My book says that one can use "standard calculus methods to evaluate the limit of the indeterminate expression":

[tex]lim_{t\to0}U(t)^{1/t}[/tex]

Anyone want to fill me in on these methods? And what exactly is an indeterminate expression?


Homework Equations





The Attempt at a Solution

Well, indeterminate expression is the one that you cannot plug the value in to find the limit. e.g, the expression [tex]\lim_{x \rightarrow 0} \frac{x ^ 3}{x + x ^ 2}[/tex] is an indeterminate one.
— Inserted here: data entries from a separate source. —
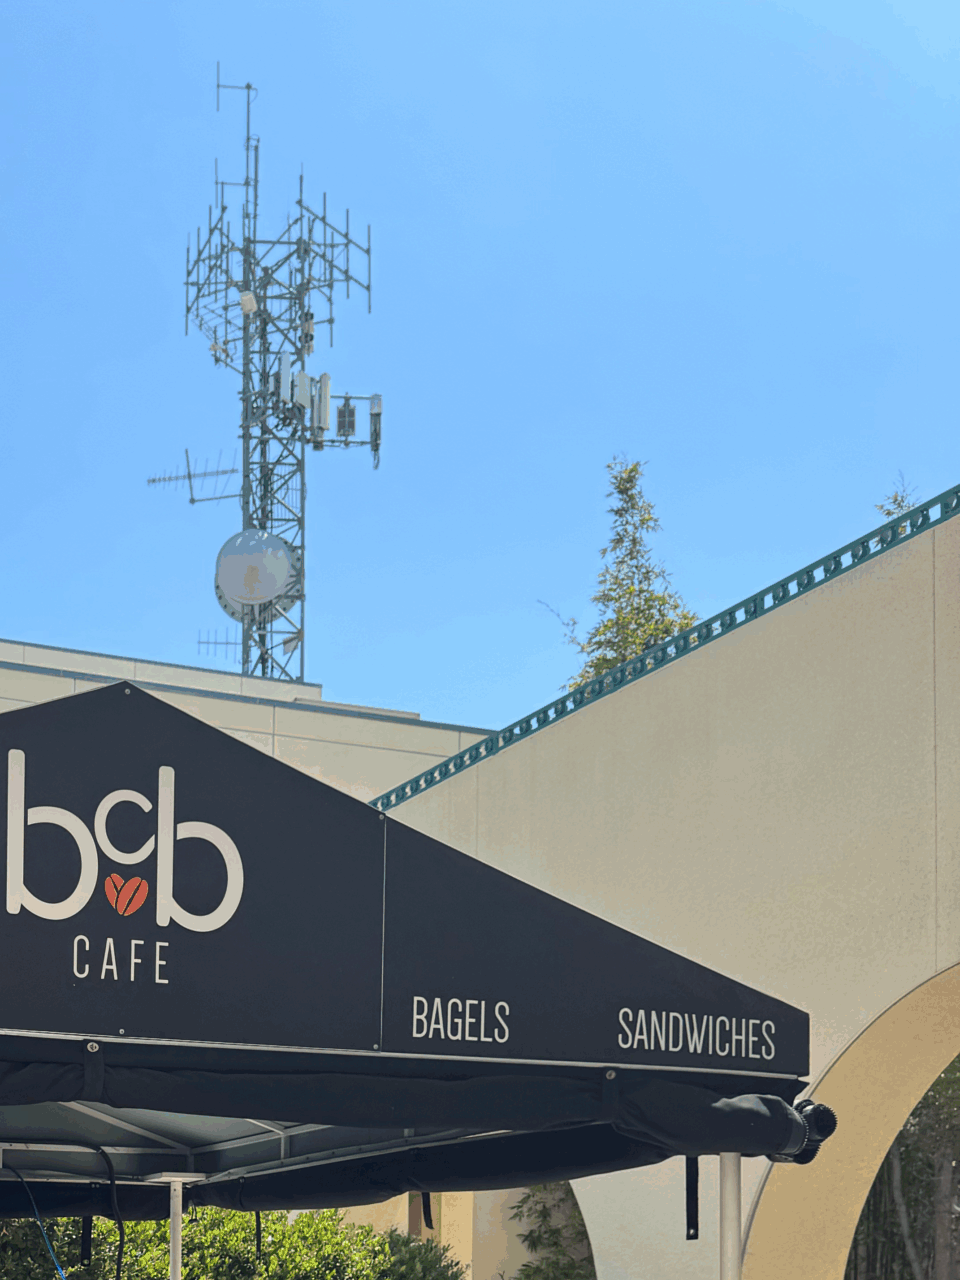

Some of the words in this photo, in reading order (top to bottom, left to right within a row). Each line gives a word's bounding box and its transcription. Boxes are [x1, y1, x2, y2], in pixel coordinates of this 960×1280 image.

[6, 749, 244, 932] bcb
[73, 934, 169, 984] CAFE
[412, 996, 510, 1043] BAGELS
[618, 1007, 776, 1060] SANDWICHES
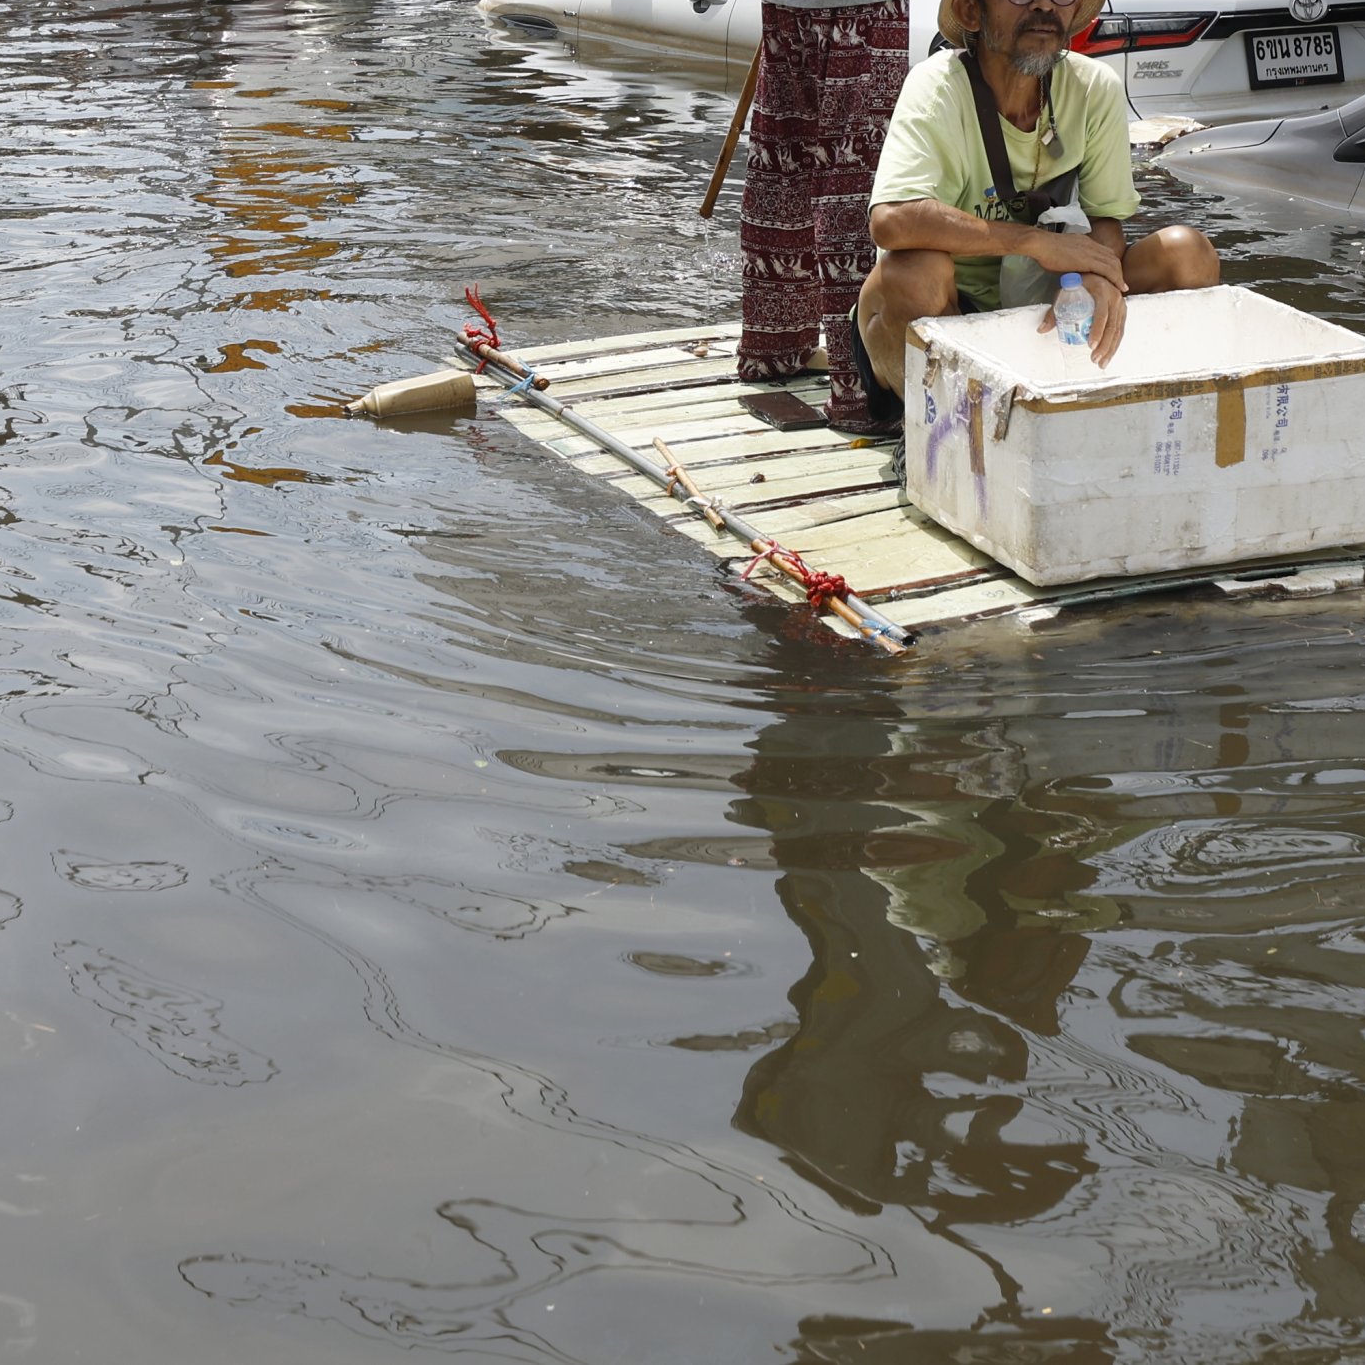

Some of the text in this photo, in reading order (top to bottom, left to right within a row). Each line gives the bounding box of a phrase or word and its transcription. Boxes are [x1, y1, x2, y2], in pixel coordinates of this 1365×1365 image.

If you plug x = 0 in, you'll get 0/0. That does not mean anything.

There are some Indeterminate Forms: [tex]\frac{0}{0} ; \ \frac{\infty}{\infty} ; 0 \times \infty ; \ \infty - \infty ; \mbox{and } 1 ^ \infty[/tex]. All of which have different ways to solve.

Your expression:
[tex]\lim_{t \rightarrow 0} \left( \frac{b ^ {t + 1} - a ^ {t + 1}}{(1 + t) (b - a)} \right) ^ {\frac{1}{t}}[/tex] is, in fact, the Indeterminate Form [tex]1 ^ \infty[/tex]. Can you see why?

Ok, to solve the Indeterminate Form [tex]1 ^ \infty[/tex], one should use the definition of e, the two definitions below are equivalent:

1. [tex]\lim_{x \rightarrow \infty} \left(1 + \frac{1}{x} \right) ^ x = e[/tex]
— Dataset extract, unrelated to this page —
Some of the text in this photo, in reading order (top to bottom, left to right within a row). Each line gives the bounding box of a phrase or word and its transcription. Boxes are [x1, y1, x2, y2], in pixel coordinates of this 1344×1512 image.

2. [tex]\lim_{x \rightarrow 0} \left(1 + x \right) ^ \frac{1}{x} = e[/tex]

e is, sometimes, defined as the 2 limits above, they both are in [tex]1 ^ \infty[/tex] form.
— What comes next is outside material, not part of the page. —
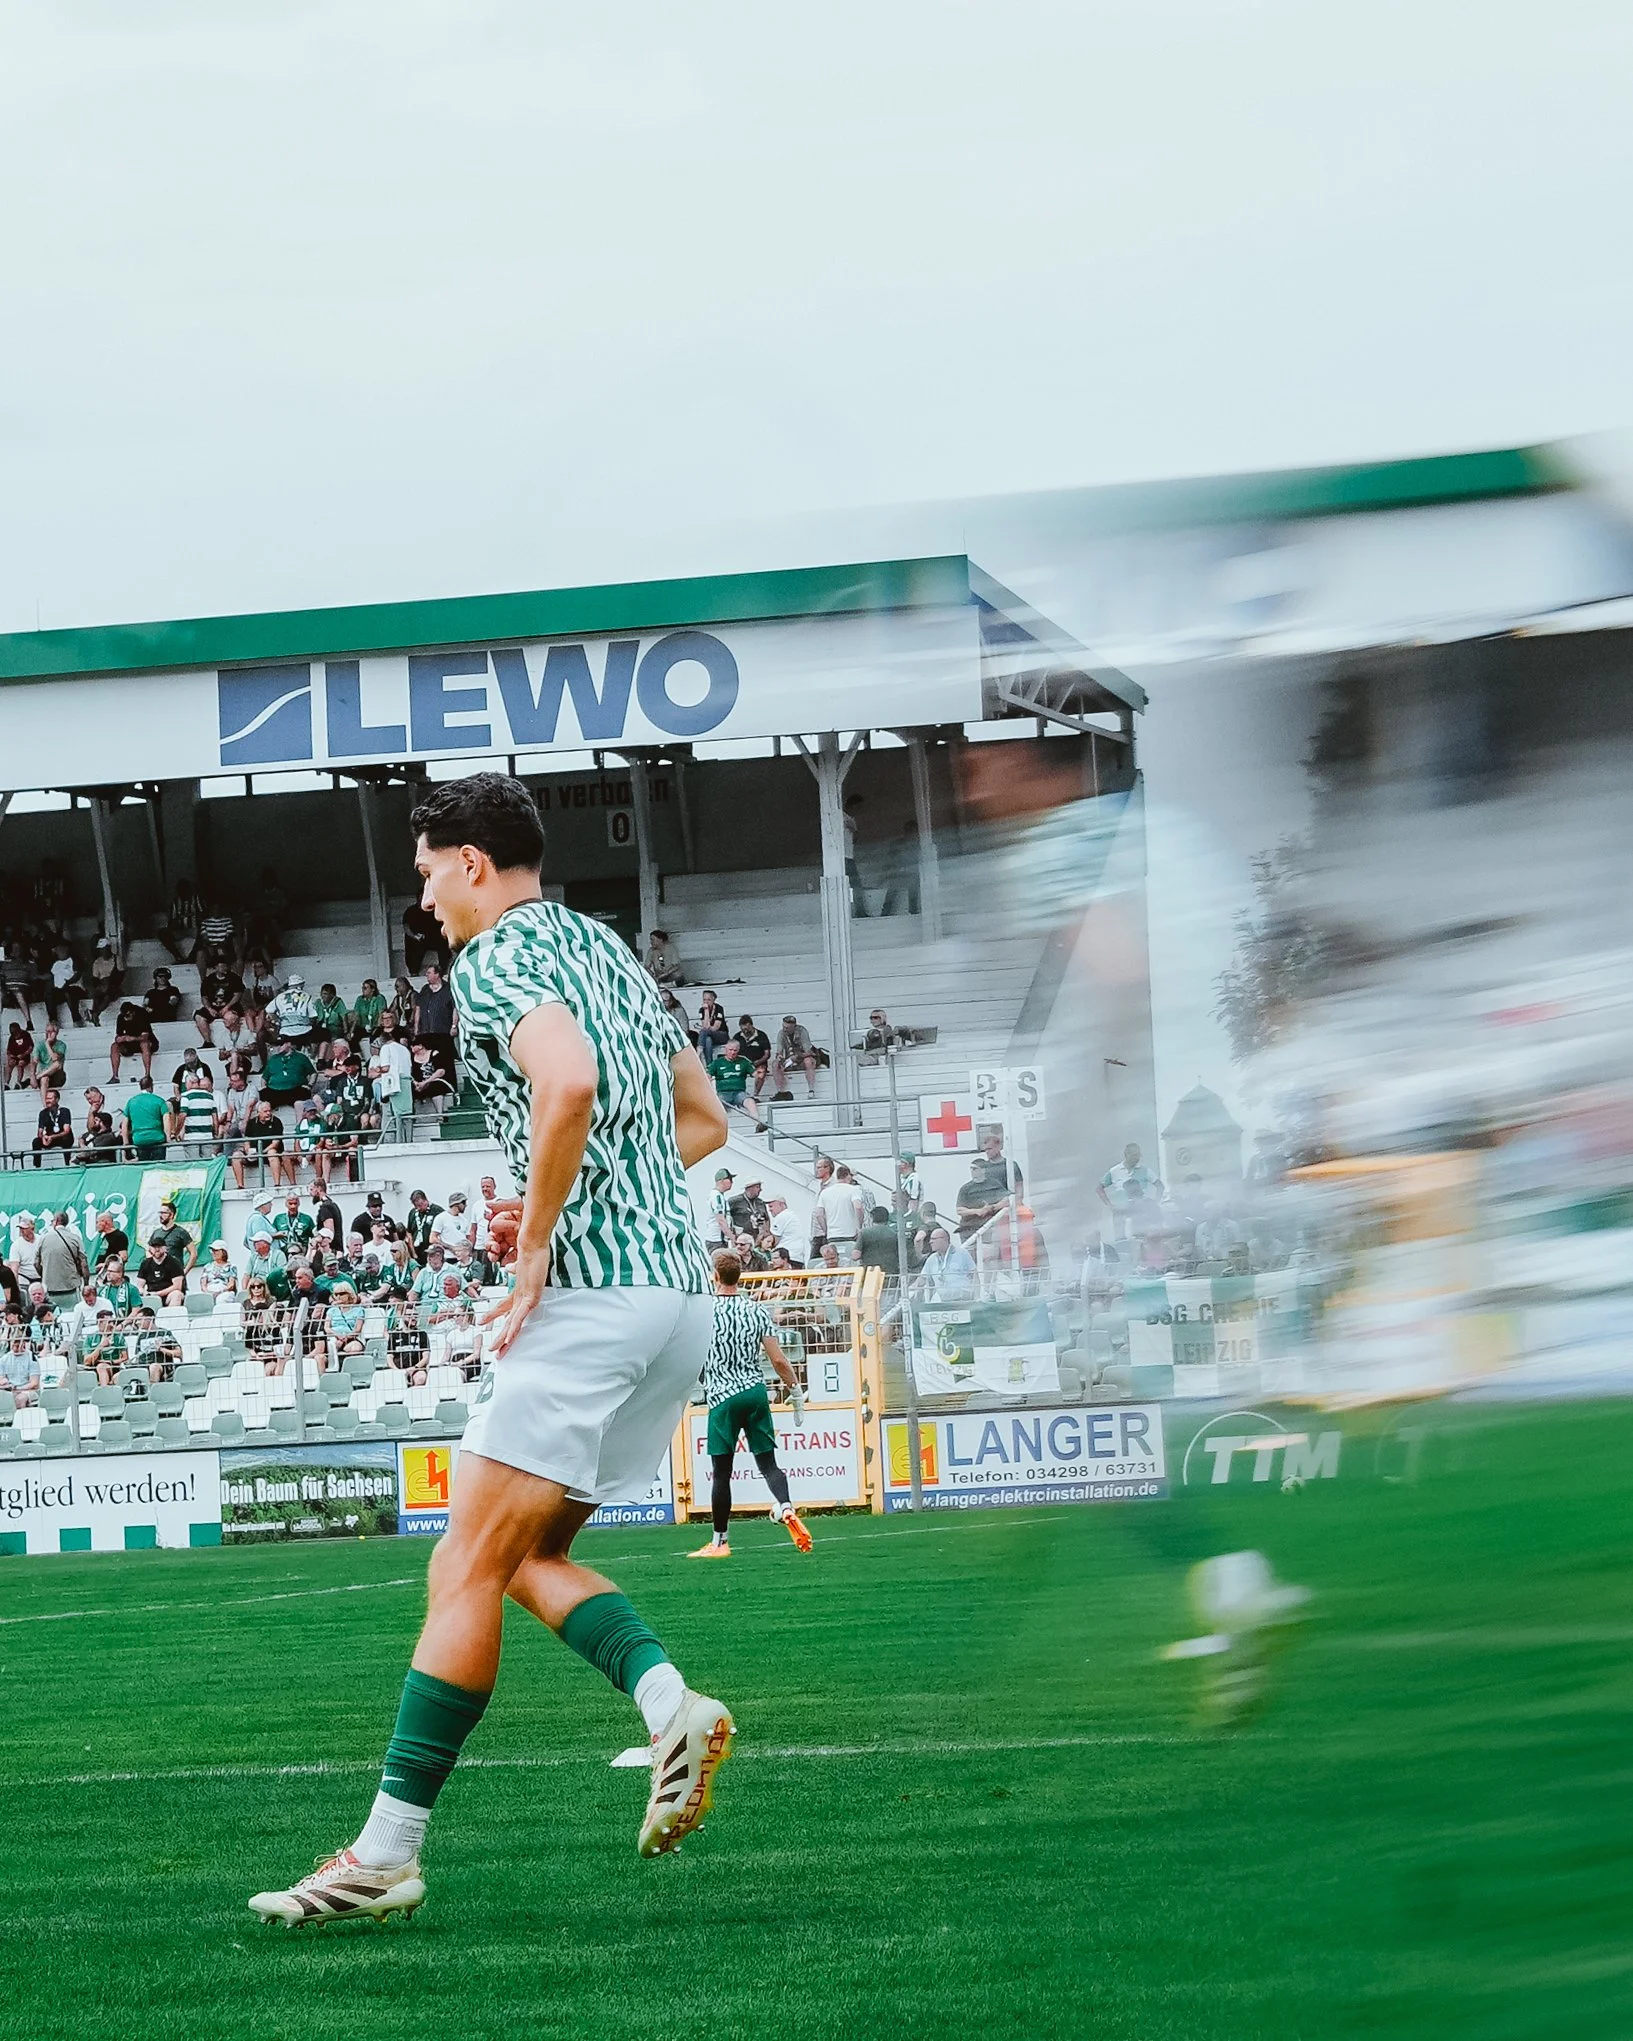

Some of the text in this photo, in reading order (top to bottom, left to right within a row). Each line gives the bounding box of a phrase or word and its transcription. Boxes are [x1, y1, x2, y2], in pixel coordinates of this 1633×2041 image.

From the limit (2) above, we can easily prove that:
3. [tex]\lim_{x \rightarrow 0} \left(1 + \alpha x \right) ^ \frac{1}{x} = \lim_{x \rightarrow 0} \left(1 + \alpha x \right) ^ {\frac{1}{\alpha x} \times \alpha} \lim_{x \rightarrow 0} \left[ \left(1 + \alpha x \right) ^ {\frac{1}{\alpha x}} \right] ^ \alpha = e ^ \alpha[/tex]

-------------------------

Ok, now, back to our problem:
[tex]\lim_{t \rightarrow 0} \left( \frac{b ^ {t + 1} - a ^ {t + 1}}{(1 + t) (b - a)} \right) ^ {\frac{1}{t}}[/tex] can be splitted into 2 smaller limits, like this:

[tex]\lim_{t \rightarrow 0} \left( \frac{b ^ {t + 1} - a ^ {t + 1}}{(1 + t) (b - a)} \right) ^ {\frac{1}{t}} = \lim_{t \rightarrow 0} \left( \frac{1}{t + 1} \right) ^ \frac{1}{t} \times \lim_{t \rightarrow 0} \left( \frac{b ^ {t + 1} - a ^ {t + 1}}{b - a} \right) ^ \frac{1}{t}[/tex]

The first limit can be easily done by noticing that:

[tex]\lim_{t \rightarrow 0} \left( \frac{1}{1 + t} \right) ^ \frac{1}{t} = \lim_{t \rightarrow 0} \frac{1}{(1 + t) ^ \frac{1}{t}} = ?[/tex]. Can you finish it? :)





The second part is a little bit tricky, we must first convert it to polynomial before we can apply the limit (1), and (2). We know that the Taylor expansion for ex for x near 0 is:

[tex]e ^ x = 1 + x + \frac{x ^ 2}{2!} + \frac{x ^ 3}{3!} + ...[/tex]

Now, since [tex]b ^ t = e ^ {t \ln b}[/tex], and when t is near 0, t ln(b) is also near 0, so plus x = t ln(b), we'll have the expansion for bt for t near 0.

[tex]b ^ t = e ^ {t \ln b} = 1 + t \ln b + \frac{t ^ 2 \ln ^ 2 b}{2!} + \frac{t ^ 3 \ln ^ 3 t}{3!} + ...[/tex].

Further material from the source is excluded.